Referring expression grounding data:
• • •

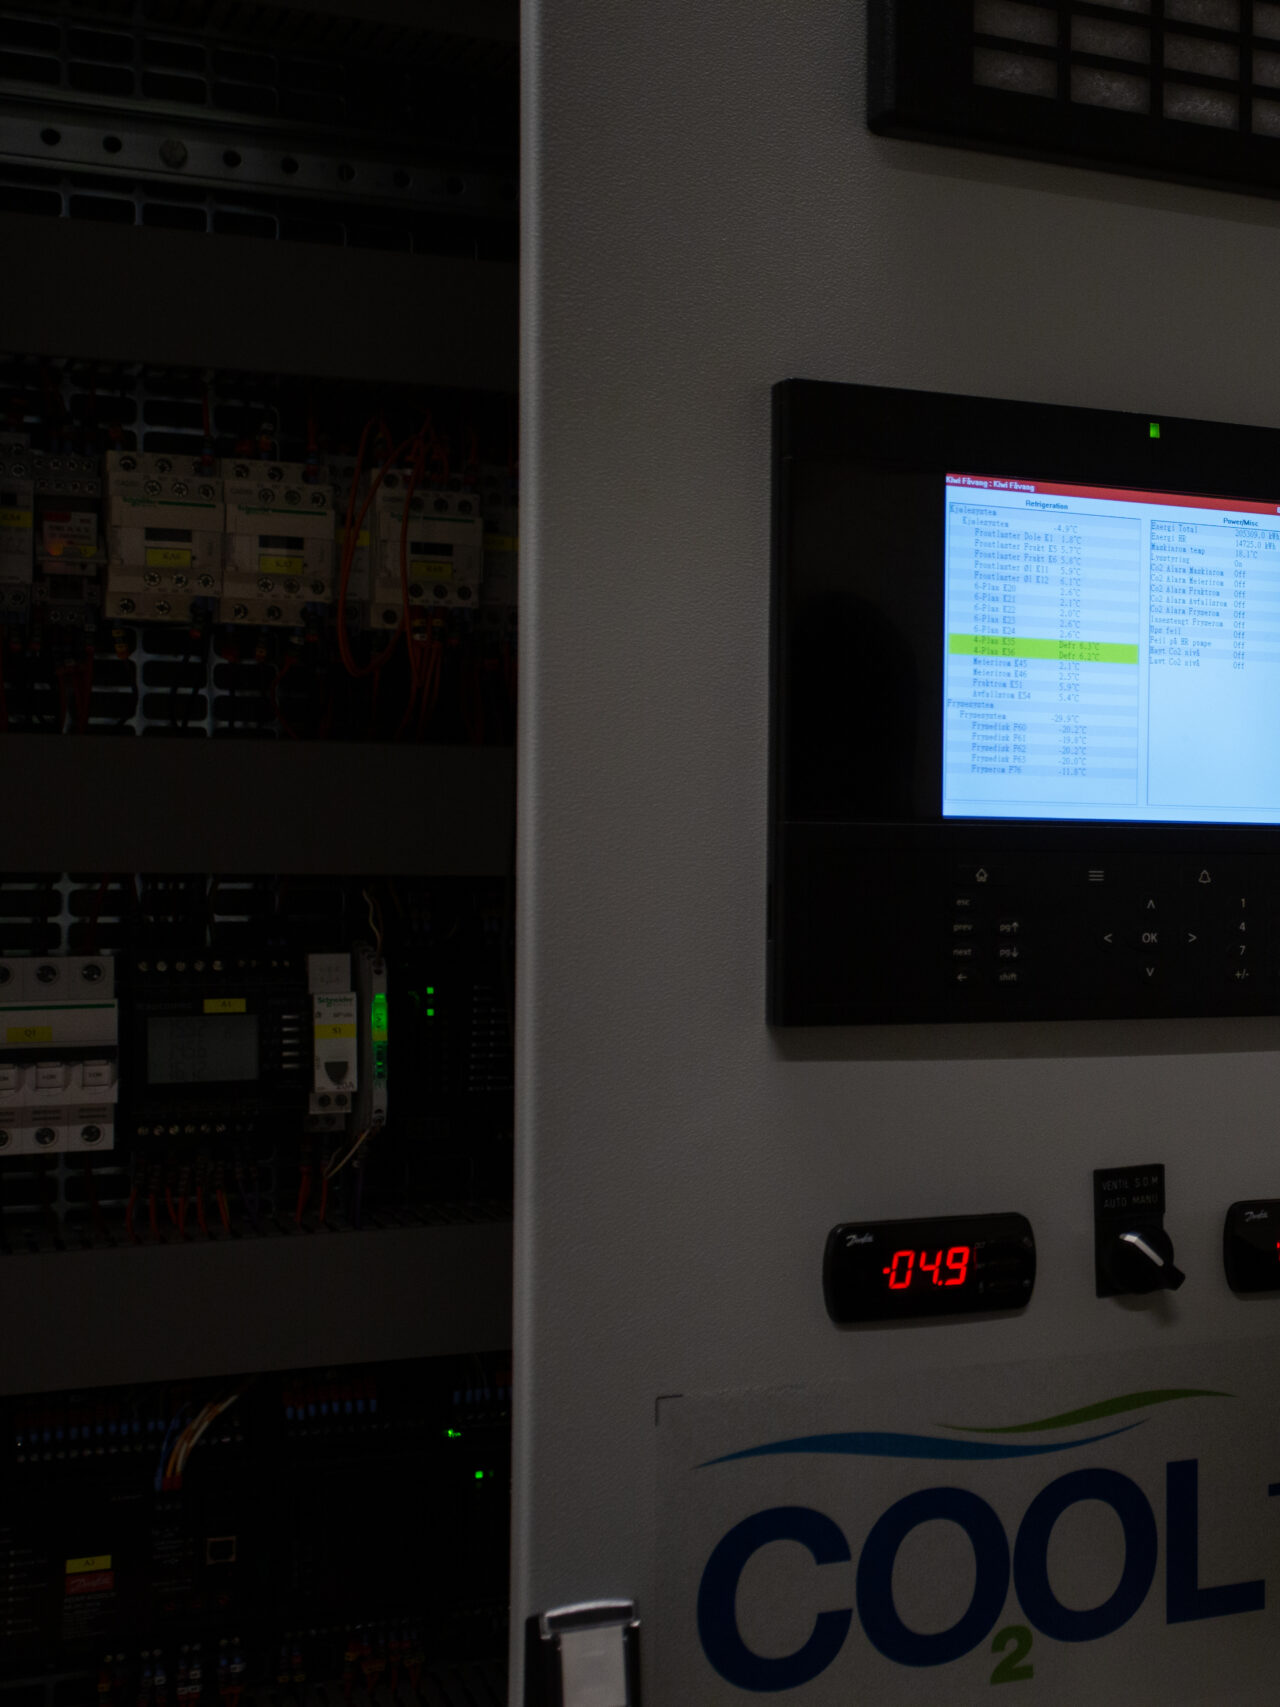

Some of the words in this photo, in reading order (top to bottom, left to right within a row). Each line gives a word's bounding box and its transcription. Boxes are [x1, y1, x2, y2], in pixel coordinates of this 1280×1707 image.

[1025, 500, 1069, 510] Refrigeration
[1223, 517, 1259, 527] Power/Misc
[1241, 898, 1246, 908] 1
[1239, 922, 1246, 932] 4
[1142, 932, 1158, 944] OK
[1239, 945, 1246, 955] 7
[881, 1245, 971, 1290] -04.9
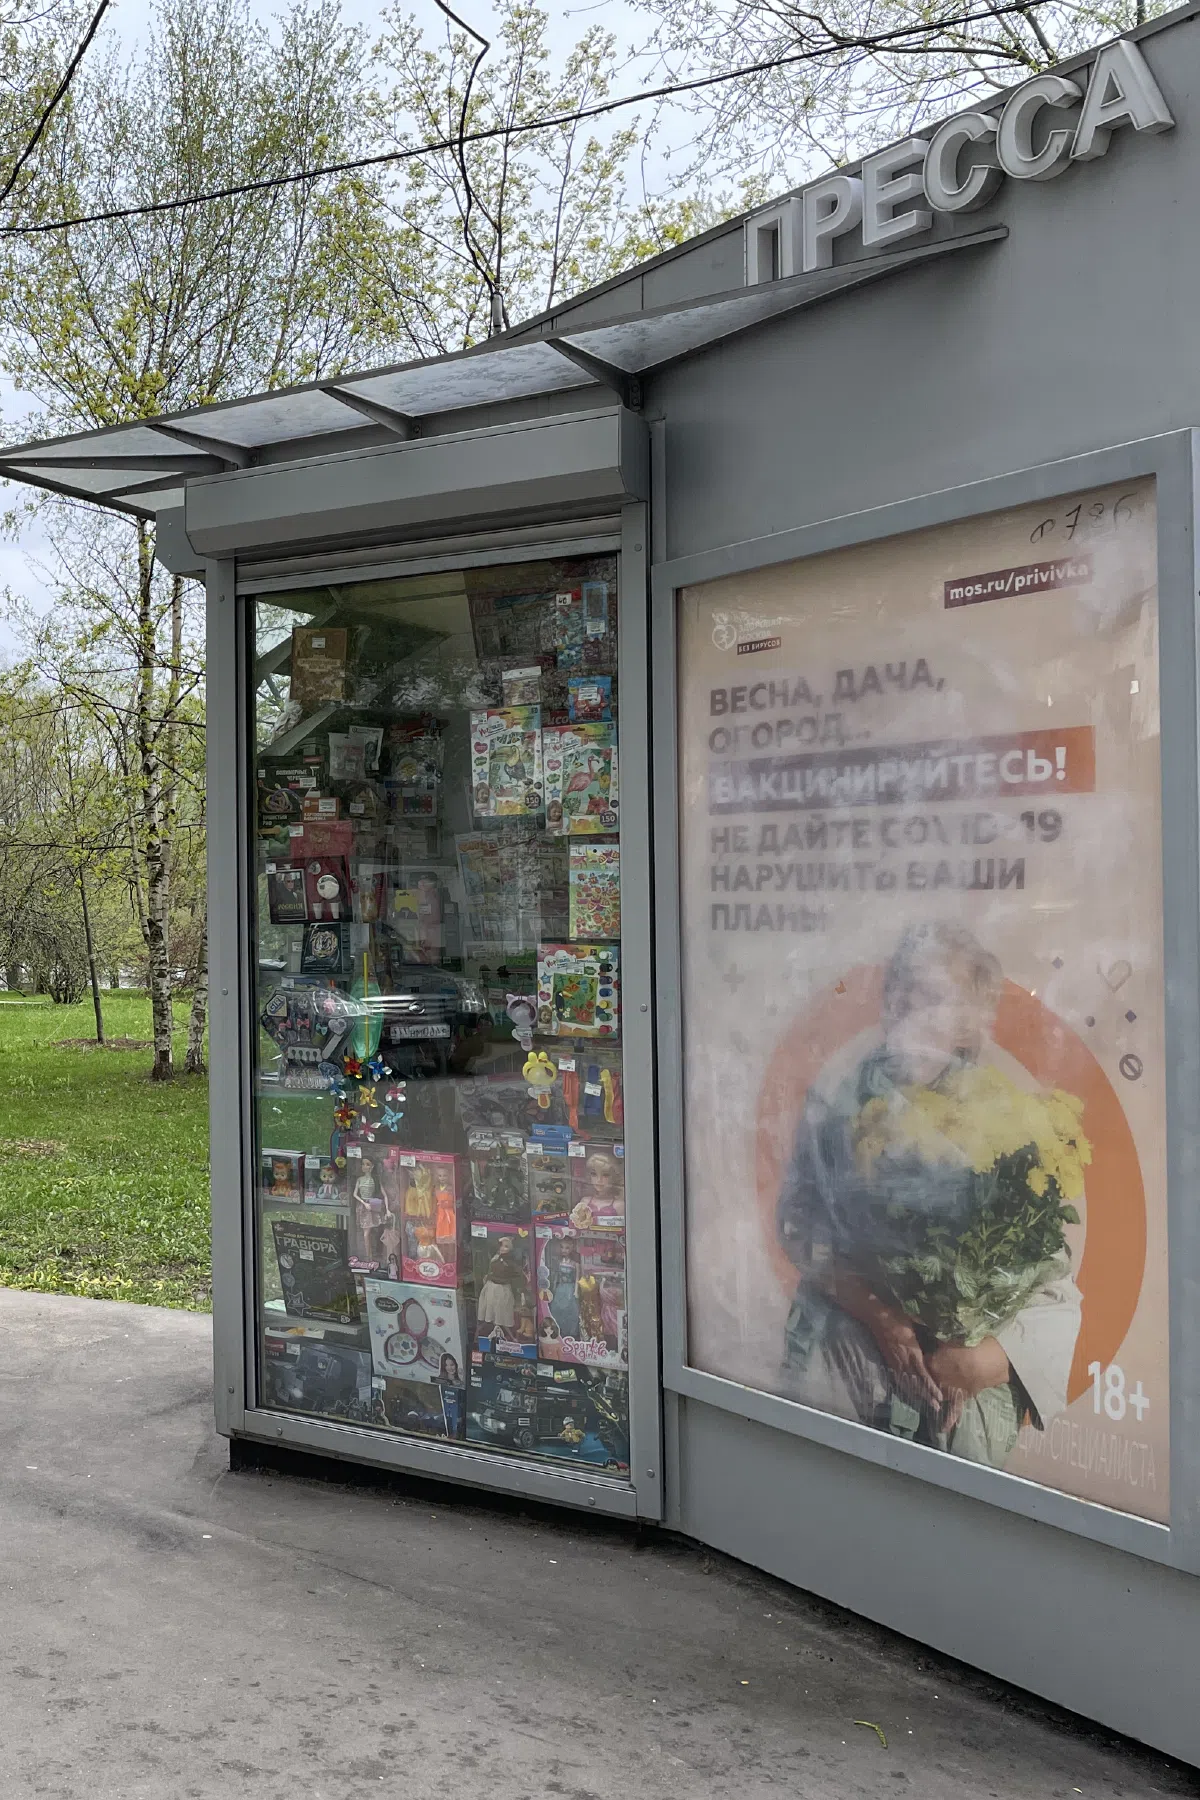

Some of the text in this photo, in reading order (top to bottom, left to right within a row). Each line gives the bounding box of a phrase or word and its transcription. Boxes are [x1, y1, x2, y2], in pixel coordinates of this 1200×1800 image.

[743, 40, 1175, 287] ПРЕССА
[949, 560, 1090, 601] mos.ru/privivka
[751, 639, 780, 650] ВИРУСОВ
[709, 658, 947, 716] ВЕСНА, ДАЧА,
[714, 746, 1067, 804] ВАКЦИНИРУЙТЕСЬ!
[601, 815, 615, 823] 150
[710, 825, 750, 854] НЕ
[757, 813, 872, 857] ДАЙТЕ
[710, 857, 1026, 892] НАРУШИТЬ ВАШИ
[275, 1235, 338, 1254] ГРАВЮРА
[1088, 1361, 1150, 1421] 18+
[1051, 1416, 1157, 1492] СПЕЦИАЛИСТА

• • •

YOUR ASSIGNMENT: Above are records with pictures; repeat the records exactly and leave the pictures out.

ANSWER SECTION:
Some of the words in this photo, in reading order (top to bottom, left to right within a row). Each line gives a word's bounding box and its transcription. Boxes are [x1, y1, x2, y2], in pixel coordinates of this 1280×1707 image.

[1025, 500, 1069, 510] Refrigeration
[1223, 517, 1259, 527] Power/Misc
[1241, 898, 1246, 908] 1
[1239, 922, 1246, 932] 4
[1142, 932, 1158, 944] OK
[1239, 945, 1246, 955] 7
[881, 1245, 971, 1290] -04.9

Some of the text in this photo, in reading order (top to bottom, left to right within a row). Each line gives the bounding box of a phrase or word and its transcription. Boxes are [x1, y1, x2, y2], in pixel coordinates of this 1200×1800 image.

[743, 40, 1175, 287] ПРЕССА
[949, 560, 1090, 601] mos.ru/privivka
[751, 639, 780, 650] ВИРУСОВ
[709, 658, 947, 716] ВЕСНА, ДАЧА,
[714, 746, 1067, 804] ВАКЦИНИРУЙТЕСЬ!
[601, 815, 615, 823] 150
[710, 825, 750, 854] НЕ
[757, 813, 872, 857] ДАЙТЕ
[710, 857, 1026, 892] НАРУШИТЬ ВАШИ
[275, 1235, 338, 1254] ГРАВЮРА
[1088, 1361, 1150, 1421] 18+
[1051, 1416, 1157, 1492] СПЕЦИАЛИСТА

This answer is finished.